Équipe


GALADRIEL AVON | COORDONNATRICE, RÉDACTRICE EN CHEF, GESTIONNAIRE DES RÉSEAUX SOCIAUX ET RÉDACTRICE

Diplômée d’un baccalauréat en sciences politiques et philosophie réalisé à l’Université de Montréal, Galadriel Avon a parallèlement obtenu une mineure en histoire de l’art à l’UQAM. Elle complète désormais un programme de deuxième cycle en étude de la pratique artistique à l’UQAR. Impliquée dans plusieurs centres d’artistes de même que dans des revues d’art spécialisées, ses engagements rédactionnels et commissariaux gravitent autour de ses intérêts pour la mémoire, la temporalité, la matérialité et la filiation. En posant un regard sensible sur les pratiques actuelles, elle réfléchit à leurs ressorts poétiques et politiques, les outils de production des discours qu’elles soutiennent et leurs différents moyens de se rendre à l’autre. Sa présence au sein d’Ex_situ remonte à 2019; elle œuvre depuis à la décentralisation de la revue afin de la faire aller à la rencontre des initiatives régionales et des pratiques émergentes. Elle est aussi moitié du collectif naissant lieux équivoques.

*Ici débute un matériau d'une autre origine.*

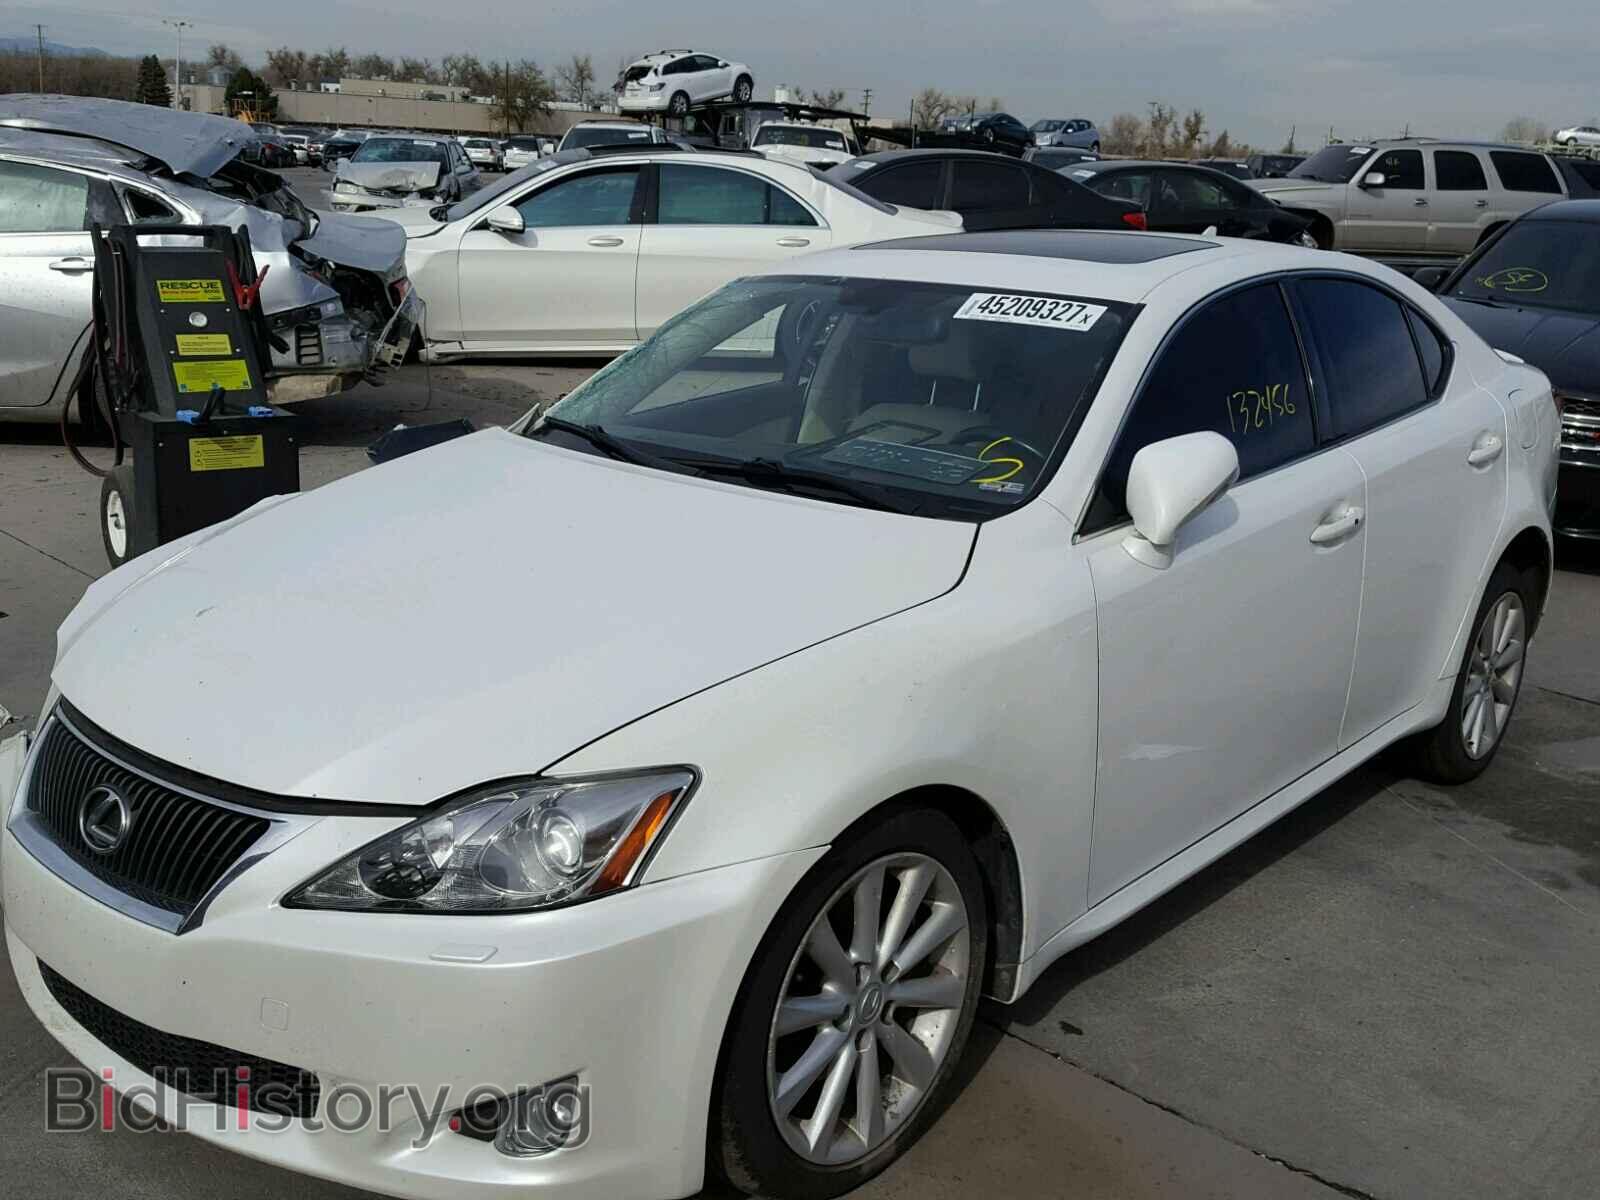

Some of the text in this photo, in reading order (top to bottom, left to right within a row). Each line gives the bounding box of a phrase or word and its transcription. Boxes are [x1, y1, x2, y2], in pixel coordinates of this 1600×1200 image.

[160, 281, 220, 289] RESCUE
[977, 295, 1088, 323] 45209327
[1226, 384, 1296, 434] 132456

BÉATRICE LAROCHELLE | RÉDACTRICE, COÉDITRICE ET ADJOINTE À LA TRÉSORERIE

Béatrice Larochelle est candidate à la maîtrise en muséologie de l’UQAM et de l’Université de Montréal. Elle est titulaire d’un certificat en muséologie et diffusion de l’art de l’UQAM et d’un baccalauréat en histoire de l’art de l’Université Laval. Ses recherches portent sur la mise en exposition de pratiques artistiques éphémères et écologistes. De manière plus générale, elle s’intéresse aux pratiques traitant du beau, du sensible et du poétique, tout en ayant un regard marqué par les enjeux sociaux et environnementaux. Béatrice est actuellement coordonnatrice aux expositions et aux communications pour la galerie Art Mûr. Elle a travaillé à titre d’assistante à la coordination pour la 6e Biennale d’art contemporain autochtone : Land Back. Béatrice s’est impliquée dans l’organisation de diverses expositions d’art actuel telles que ce qui du monde se prélève permet à l’œil de s’ouvrir (2020) et Jeux de pouvoir : montrer, imposer, manœuvrer (2019). Elle est actuellement co-éditrice et rédactrice pour la revue Ex_situ.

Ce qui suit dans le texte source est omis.